Phrase grounding data
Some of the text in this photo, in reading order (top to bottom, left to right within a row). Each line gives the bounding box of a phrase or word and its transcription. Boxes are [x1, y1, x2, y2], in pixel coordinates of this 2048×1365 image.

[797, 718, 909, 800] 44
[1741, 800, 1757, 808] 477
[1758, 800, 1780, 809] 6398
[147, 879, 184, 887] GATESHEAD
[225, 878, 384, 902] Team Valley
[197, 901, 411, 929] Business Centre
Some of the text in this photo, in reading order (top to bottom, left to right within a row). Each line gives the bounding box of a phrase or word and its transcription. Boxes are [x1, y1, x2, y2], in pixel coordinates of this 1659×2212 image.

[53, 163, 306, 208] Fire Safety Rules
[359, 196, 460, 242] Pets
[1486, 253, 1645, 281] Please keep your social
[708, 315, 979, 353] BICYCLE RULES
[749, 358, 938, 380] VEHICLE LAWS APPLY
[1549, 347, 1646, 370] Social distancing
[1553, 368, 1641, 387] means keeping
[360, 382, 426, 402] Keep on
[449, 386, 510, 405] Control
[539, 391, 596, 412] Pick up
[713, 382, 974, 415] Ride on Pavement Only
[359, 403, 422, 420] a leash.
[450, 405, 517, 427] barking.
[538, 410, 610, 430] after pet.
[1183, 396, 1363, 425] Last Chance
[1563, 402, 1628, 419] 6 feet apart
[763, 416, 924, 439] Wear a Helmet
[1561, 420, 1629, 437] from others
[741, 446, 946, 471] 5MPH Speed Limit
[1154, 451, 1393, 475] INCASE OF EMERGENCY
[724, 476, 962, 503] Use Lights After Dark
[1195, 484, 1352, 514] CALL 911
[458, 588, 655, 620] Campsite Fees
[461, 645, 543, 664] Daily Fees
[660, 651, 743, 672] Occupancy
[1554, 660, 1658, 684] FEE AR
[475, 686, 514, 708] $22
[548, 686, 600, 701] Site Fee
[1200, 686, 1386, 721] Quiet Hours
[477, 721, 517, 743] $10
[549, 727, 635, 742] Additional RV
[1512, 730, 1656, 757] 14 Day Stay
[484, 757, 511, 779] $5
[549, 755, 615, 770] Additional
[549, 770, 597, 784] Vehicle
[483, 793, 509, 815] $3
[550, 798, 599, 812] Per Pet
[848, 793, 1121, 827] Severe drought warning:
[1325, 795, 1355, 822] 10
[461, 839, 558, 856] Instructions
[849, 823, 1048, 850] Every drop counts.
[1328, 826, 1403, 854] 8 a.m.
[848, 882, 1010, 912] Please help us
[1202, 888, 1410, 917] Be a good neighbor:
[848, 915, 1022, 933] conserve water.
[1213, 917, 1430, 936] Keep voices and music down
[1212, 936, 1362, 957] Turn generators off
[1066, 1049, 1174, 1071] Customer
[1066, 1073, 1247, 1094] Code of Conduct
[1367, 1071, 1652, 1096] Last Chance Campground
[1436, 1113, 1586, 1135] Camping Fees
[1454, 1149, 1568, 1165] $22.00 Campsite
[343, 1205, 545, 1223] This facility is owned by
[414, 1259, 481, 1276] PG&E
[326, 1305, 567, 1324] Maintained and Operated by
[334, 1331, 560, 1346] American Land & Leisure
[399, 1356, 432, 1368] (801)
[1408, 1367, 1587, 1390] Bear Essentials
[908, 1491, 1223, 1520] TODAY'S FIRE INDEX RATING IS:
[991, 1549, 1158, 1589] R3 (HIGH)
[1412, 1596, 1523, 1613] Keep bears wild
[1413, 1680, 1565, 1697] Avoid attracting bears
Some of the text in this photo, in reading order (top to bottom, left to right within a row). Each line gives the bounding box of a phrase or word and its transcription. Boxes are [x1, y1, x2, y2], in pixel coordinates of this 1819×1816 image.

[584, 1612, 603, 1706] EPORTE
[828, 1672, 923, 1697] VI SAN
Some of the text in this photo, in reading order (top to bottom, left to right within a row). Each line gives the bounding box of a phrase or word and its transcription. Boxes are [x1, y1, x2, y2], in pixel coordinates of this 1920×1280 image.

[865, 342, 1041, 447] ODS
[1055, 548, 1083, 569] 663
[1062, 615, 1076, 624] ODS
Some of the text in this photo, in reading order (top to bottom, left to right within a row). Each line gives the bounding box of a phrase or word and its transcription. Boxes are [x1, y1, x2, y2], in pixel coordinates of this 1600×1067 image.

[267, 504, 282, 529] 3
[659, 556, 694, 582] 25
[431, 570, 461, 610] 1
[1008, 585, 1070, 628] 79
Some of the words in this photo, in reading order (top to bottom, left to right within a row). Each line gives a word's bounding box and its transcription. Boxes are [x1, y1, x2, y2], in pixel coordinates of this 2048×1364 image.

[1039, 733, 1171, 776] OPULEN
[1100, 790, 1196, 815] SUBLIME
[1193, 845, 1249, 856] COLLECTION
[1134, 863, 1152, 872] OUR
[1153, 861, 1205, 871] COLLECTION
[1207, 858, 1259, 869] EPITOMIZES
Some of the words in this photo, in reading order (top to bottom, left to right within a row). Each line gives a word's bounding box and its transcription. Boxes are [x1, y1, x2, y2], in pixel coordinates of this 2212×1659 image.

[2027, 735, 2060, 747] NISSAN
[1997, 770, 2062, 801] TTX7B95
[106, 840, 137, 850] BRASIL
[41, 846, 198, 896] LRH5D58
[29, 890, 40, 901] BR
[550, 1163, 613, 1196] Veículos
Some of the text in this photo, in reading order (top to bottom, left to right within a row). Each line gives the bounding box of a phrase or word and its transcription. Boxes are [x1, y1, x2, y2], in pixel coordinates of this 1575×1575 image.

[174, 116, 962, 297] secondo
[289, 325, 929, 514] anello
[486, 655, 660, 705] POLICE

About this task
Set down each record again, exactly as written.

Task solution
Some of the text in this photo, in reading order (top to bottom, left to right within a row). Each line gives the bounding box of a phrase or word and its transcription. Boxes are [x1, y1, x2, y2], in pixel coordinates of this 2048×1365 image.

[797, 718, 909, 800] 44
[1741, 800, 1757, 808] 477
[1758, 800, 1780, 809] 6398
[147, 879, 184, 887] GATESHEAD
[225, 878, 384, 902] Team Valley
[197, 901, 411, 929] Business Centre
Some of the text in this photo, in reading order (top to bottom, left to right within a row). Each line gives the bounding box of a phrase or word and its transcription. Boxes are [x1, y1, x2, y2], in pixel coordinates of this 1659×2212 image.

[53, 163, 306, 208] Fire Safety Rules
[359, 196, 460, 242] Pets
[1486, 253, 1645, 281] Please keep your social
[708, 315, 979, 353] BICYCLE RULES
[749, 358, 938, 380] VEHICLE LAWS APPLY
[1549, 347, 1646, 370] Social distancing
[1553, 368, 1641, 387] means keeping
[360, 382, 426, 402] Keep on
[449, 386, 510, 405] Control
[539, 391, 596, 412] Pick up
[713, 382, 974, 415] Ride on Pavement Only
[359, 403, 422, 420] a leash.
[450, 405, 517, 427] barking.
[538, 410, 610, 430] after pet.
[1183, 396, 1363, 425] Last Chance
[1563, 402, 1628, 419] 6 feet apart
[763, 416, 924, 439] Wear a Helmet
[1561, 420, 1629, 437] from others
[741, 446, 946, 471] 5MPH Speed Limit
[1154, 451, 1393, 475] INCASE OF EMERGENCY
[724, 476, 962, 503] Use Lights After Dark
[1195, 484, 1352, 514] CALL 911
[458, 588, 655, 620] Campsite Fees
[461, 645, 543, 664] Daily Fees
[660, 651, 743, 672] Occupancy
[1554, 660, 1658, 684] FEE AR
[475, 686, 514, 708] $22
[548, 686, 600, 701] Site Fee
[1200, 686, 1386, 721] Quiet Hours
[477, 721, 517, 743] $10
[549, 727, 635, 742] Additional RV
[1512, 730, 1656, 757] 14 Day Stay
[484, 757, 511, 779] $5
[549, 755, 615, 770] Additional
[549, 770, 597, 784] Vehicle
[483, 793, 509, 815] $3
[550, 798, 599, 812] Per Pet
[848, 793, 1121, 827] Severe drought warning:
[1325, 795, 1355, 822] 10
[461, 839, 558, 856] Instructions
[849, 823, 1048, 850] Every drop counts.
[1328, 826, 1403, 854] 8 a.m.
[848, 882, 1010, 912] Please help us
[1202, 888, 1410, 917] Be a good neighbor:
[848, 915, 1022, 933] conserve water.
[1213, 917, 1430, 936] Keep voices and music down
[1212, 936, 1362, 957] Turn generators off
[1066, 1049, 1174, 1071] Customer
[1066, 1073, 1247, 1094] Code of Conduct
[1367, 1071, 1652, 1096] Last Chance Campground
[1436, 1113, 1586, 1135] Camping Fees
[1454, 1149, 1568, 1165] $22.00 Campsite
[343, 1205, 545, 1223] This facility is owned by
[414, 1259, 481, 1276] PG&E
[326, 1305, 567, 1324] Maintained and Operated by
[334, 1331, 560, 1346] American Land & Leisure
[399, 1356, 432, 1368] (801)
[1408, 1367, 1587, 1390] Bear Essentials
[908, 1491, 1223, 1520] TODAY'S FIRE INDEX RATING IS:
[991, 1549, 1158, 1589] R3 (HIGH)
[1412, 1596, 1523, 1613] Keep bears wild
[1413, 1680, 1565, 1697] Avoid attracting bears
Some of the text in this photo, in reading order (top to bottom, left to right within a row). Each line gives the bounding box of a phrase or word and its transcription. Boxes are [x1, y1, x2, y2], in pixel coordinates of this 1819×1816 image.

[584, 1612, 603, 1706] EPORTE
[828, 1672, 923, 1697] VI SAN
Some of the text in this photo, in reading order (top to bottom, left to right within a row). Each line gives the bounding box of a phrase or word and its transcription. Boxes are [x1, y1, x2, y2], in pixel coordinates of this 1920×1280 image.

[865, 342, 1041, 447] ODS
[1055, 548, 1083, 569] 663
[1062, 615, 1076, 624] ODS
Some of the text in this photo, in reading order (top to bottom, left to right within a row). Each line gives the bounding box of a phrase or word and its transcription. Boxes are [x1, y1, x2, y2], in pixel coordinates of this 1600×1067 image.

[267, 504, 282, 529] 3
[659, 556, 694, 582] 25
[431, 570, 461, 610] 1
[1008, 585, 1070, 628] 79
Some of the words in this photo, in reading order (top to bottom, left to right within a row). Each line gives a word's bounding box and its transcription. Boxes are [x1, y1, x2, y2], in pixel coordinates of this 2048×1364 image.

[1039, 733, 1171, 776] OPULEN
[1100, 790, 1196, 815] SUBLIME
[1193, 845, 1249, 856] COLLECTION
[1134, 863, 1152, 872] OUR
[1153, 861, 1205, 871] COLLECTION
[1207, 858, 1259, 869] EPITOMIZES
Some of the words in this photo, in reading order (top to bottom, left to right within a row). Each line gives a word's bounding box and its transcription. Boxes are [x1, y1, x2, y2], in pixel coordinates of this 2212×1659 image.

[2027, 735, 2060, 747] NISSAN
[1997, 770, 2062, 801] TTX7B95
[106, 840, 137, 850] BRASIL
[41, 846, 198, 896] LRH5D58
[29, 890, 40, 901] BR
[550, 1163, 613, 1196] Veículos
Some of the text in this photo, in reading order (top to bottom, left to right within a row). Each line gives the bounding box of a phrase or word and its transcription. Boxes are [x1, y1, x2, y2], in pixel coordinates of this 1575×1575 image.

[174, 116, 962, 297] secondo
[289, 325, 929, 514] anello
[486, 655, 660, 705] POLICE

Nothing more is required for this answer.